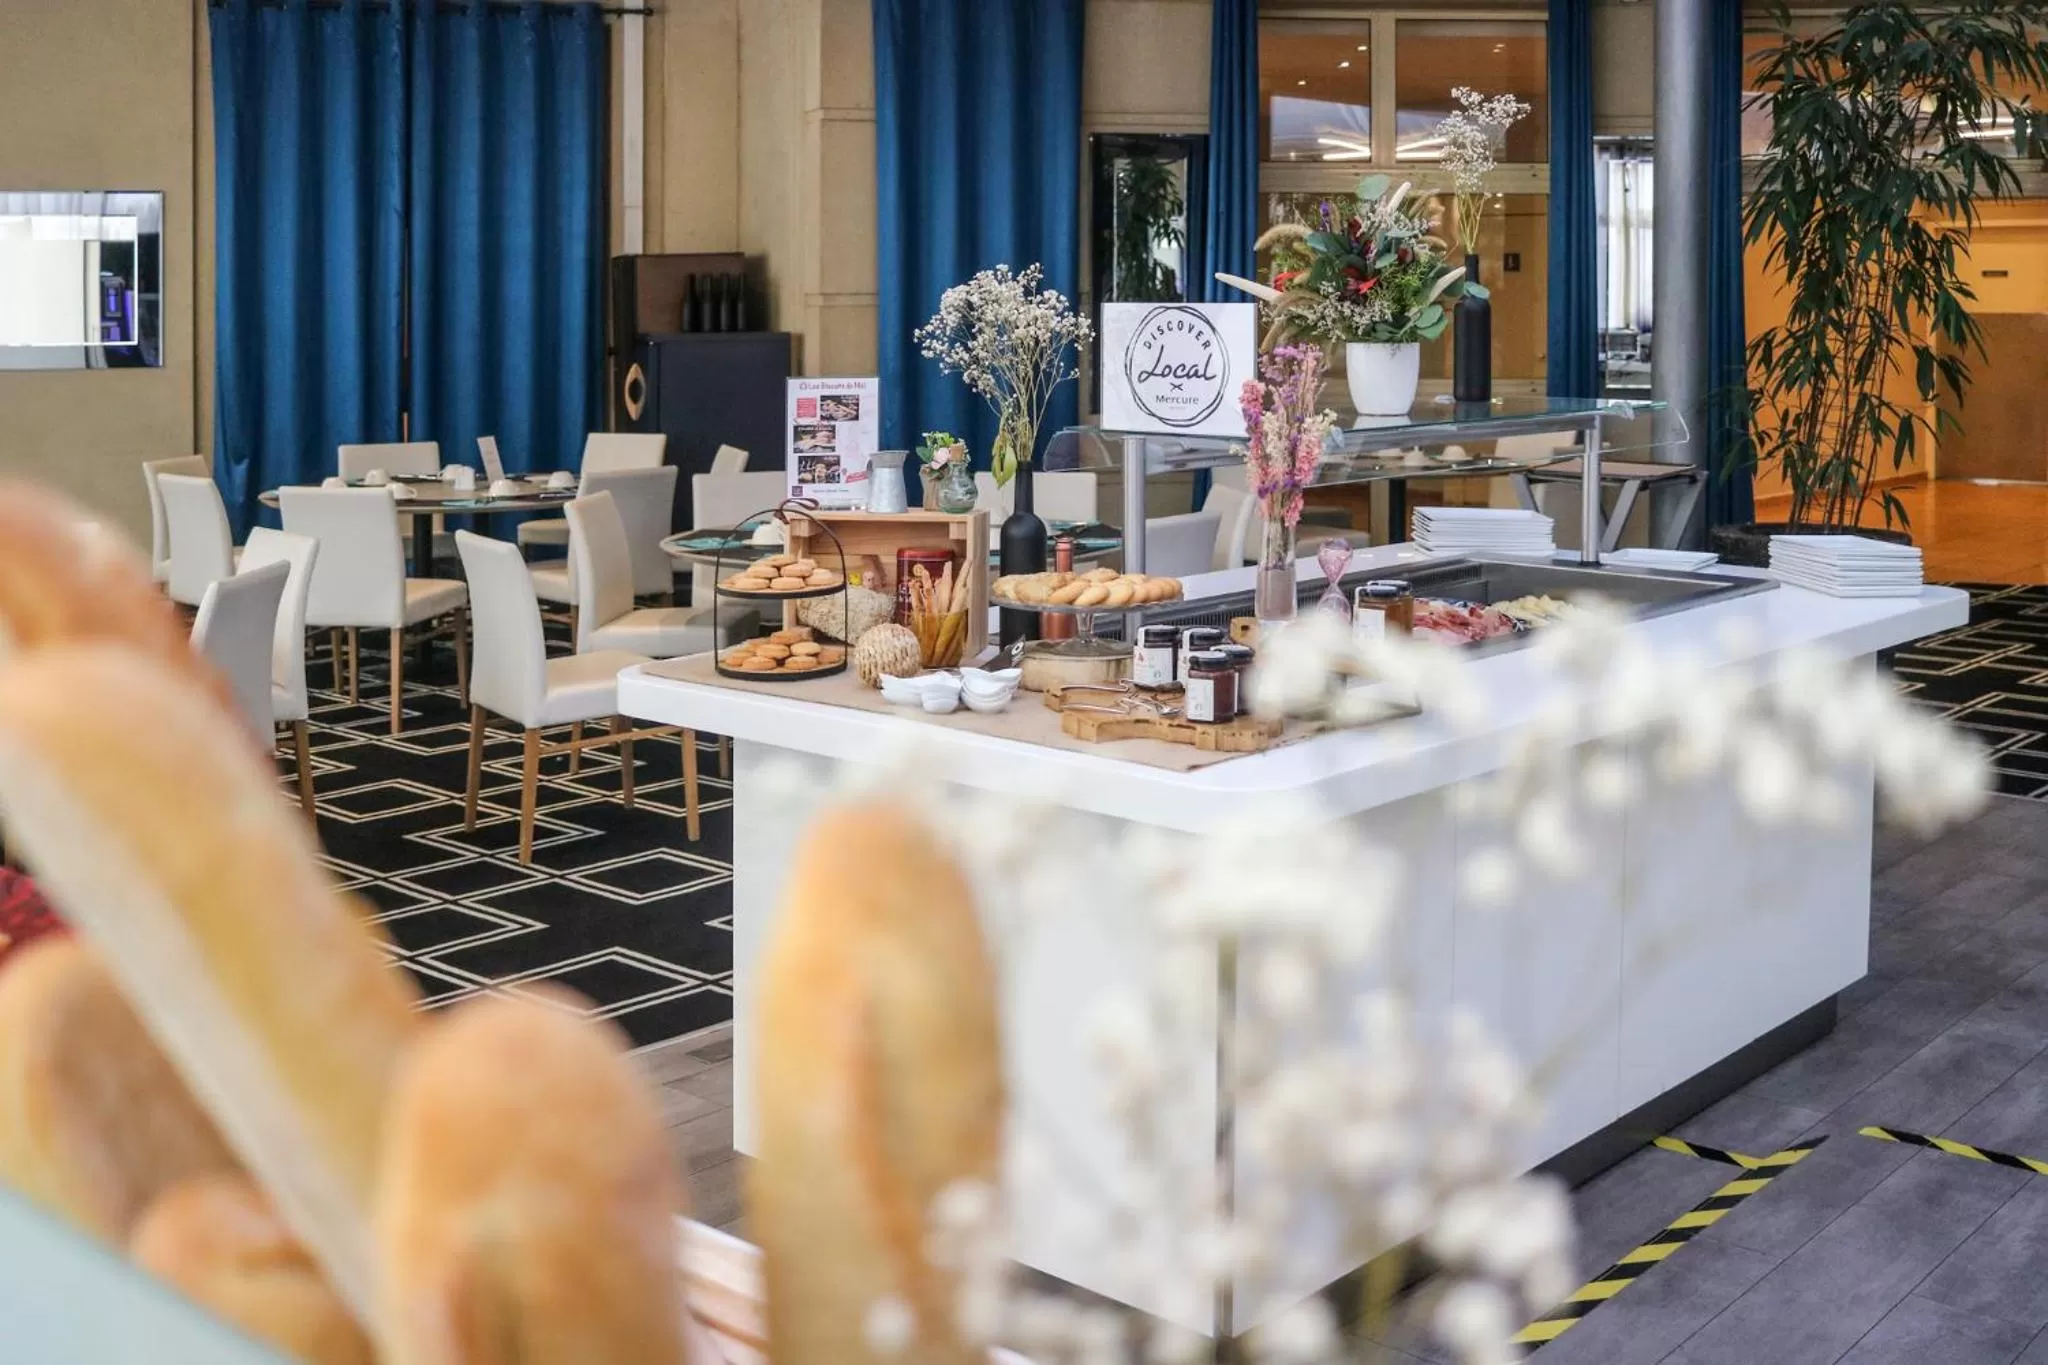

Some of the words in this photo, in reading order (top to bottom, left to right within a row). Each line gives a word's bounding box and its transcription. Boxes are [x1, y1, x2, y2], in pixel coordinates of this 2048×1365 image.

[1143, 320, 1212, 350] DISCOVER
[1137, 344, 1217, 384] Local
[1155, 394, 1200, 405] Mercure
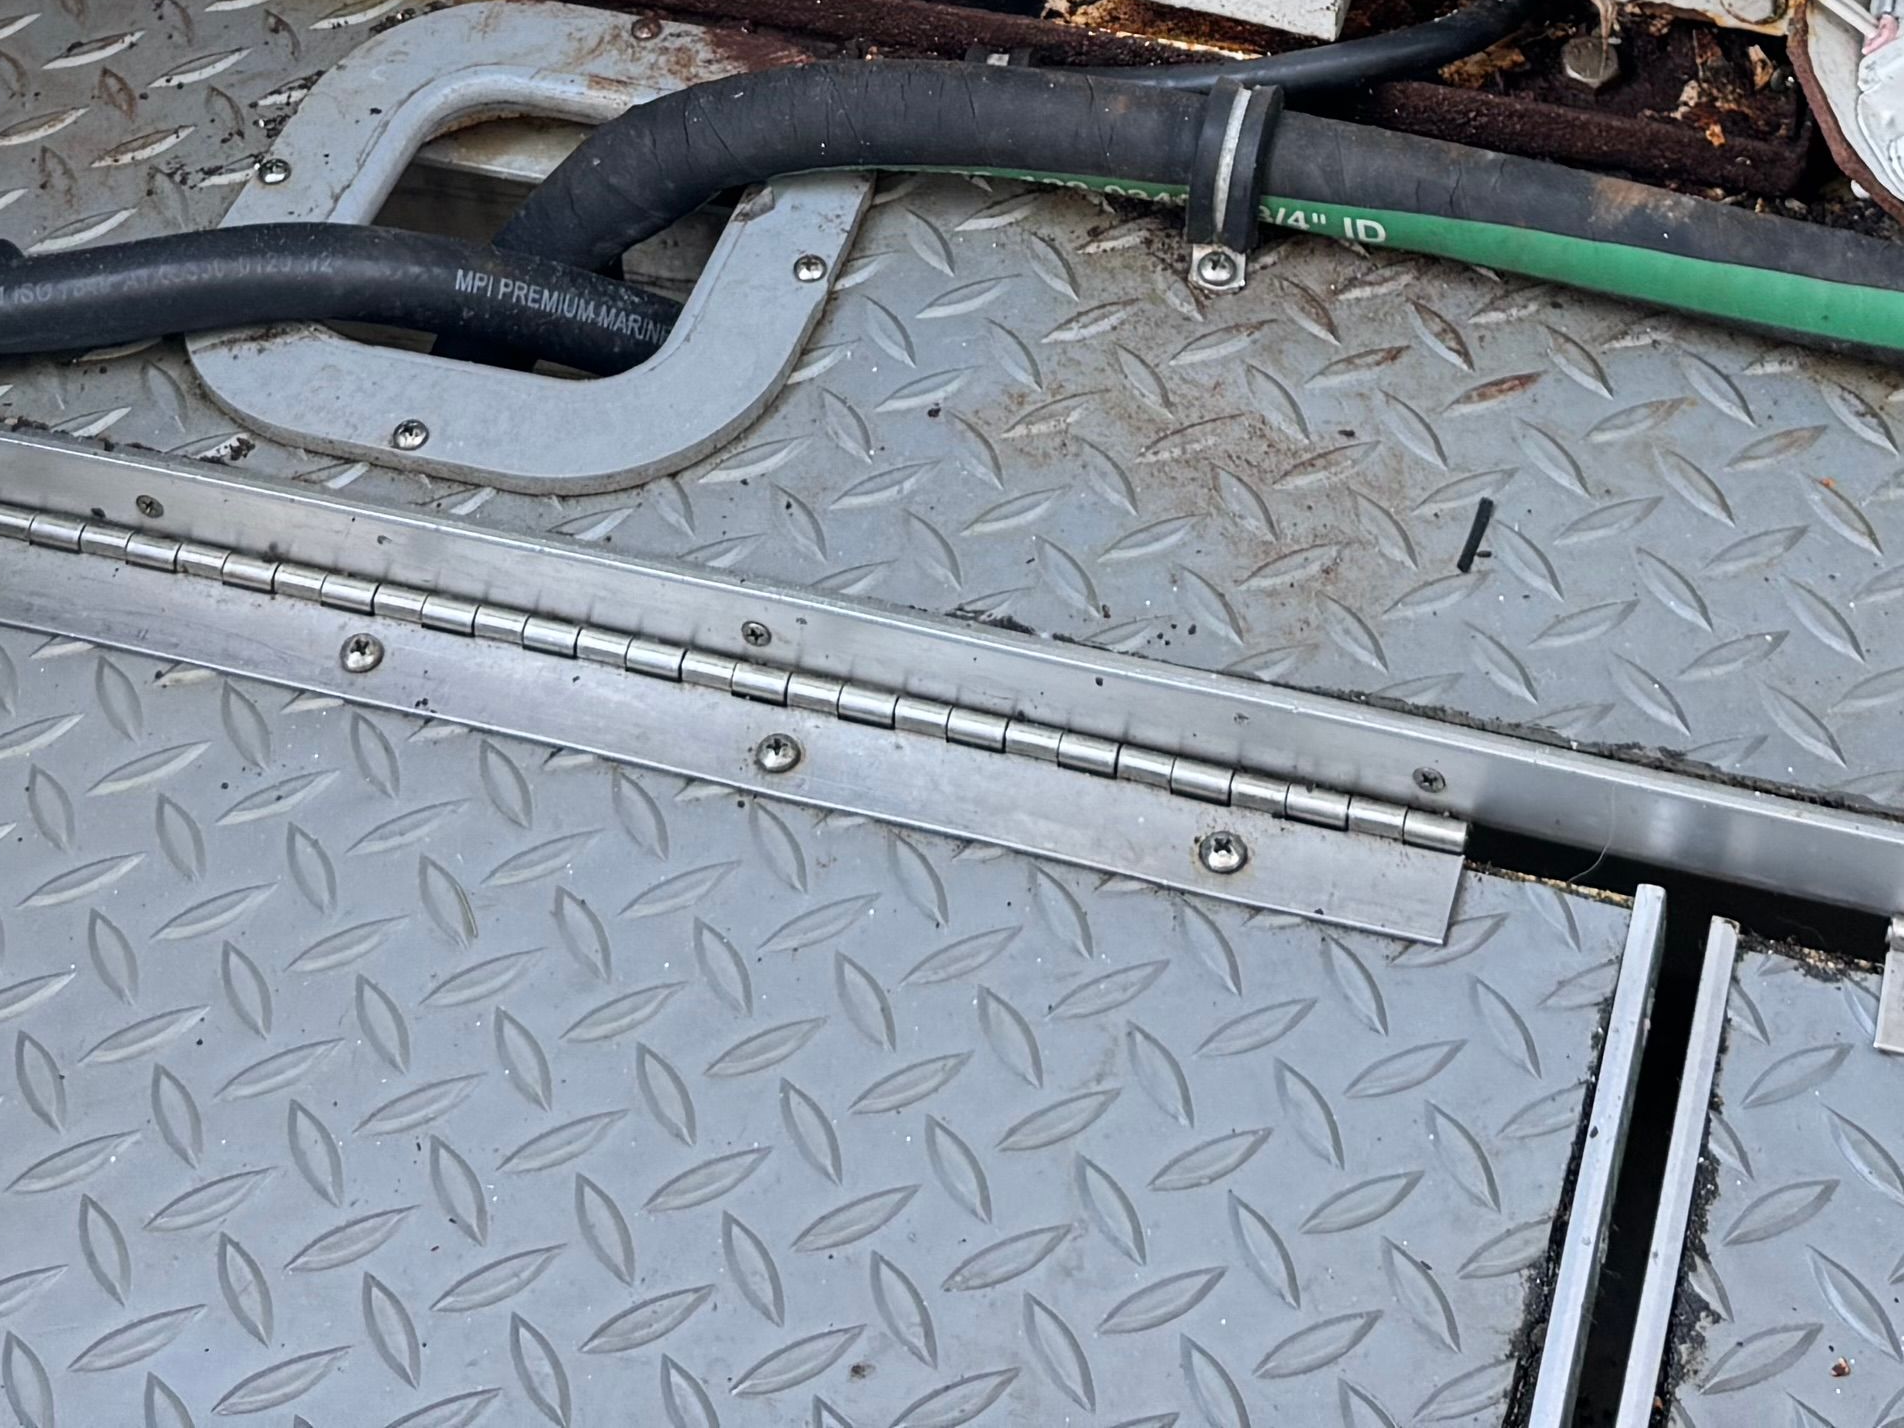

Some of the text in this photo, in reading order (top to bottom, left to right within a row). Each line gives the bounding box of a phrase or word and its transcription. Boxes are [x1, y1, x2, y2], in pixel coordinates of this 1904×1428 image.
───
* EXERCISE PROMPT *
None of the pictures should appear; the rest of the entries must be reproduced exactly.

* SOLUTION BELOW *
Some of the words in this photo, in reading order (top to bottom, left to right within a row). Each line gives a word's bounding box and its transcription. Boxes are [x1, y1, x2, y2], in pixel coordinates of this 2048×1365 image.

[1143, 320, 1212, 350] DISCOVER
[1137, 344, 1217, 384] Local
[1155, 394, 1200, 405] Mercure

Some of the text in this photo, in reading order (top to bottom, left to right within a row). Each line gives the bounding box of a phrase or word and its transcription. Boxes are [x1, y1, x2, y2], in pixel coordinates of this 1904×1428 image.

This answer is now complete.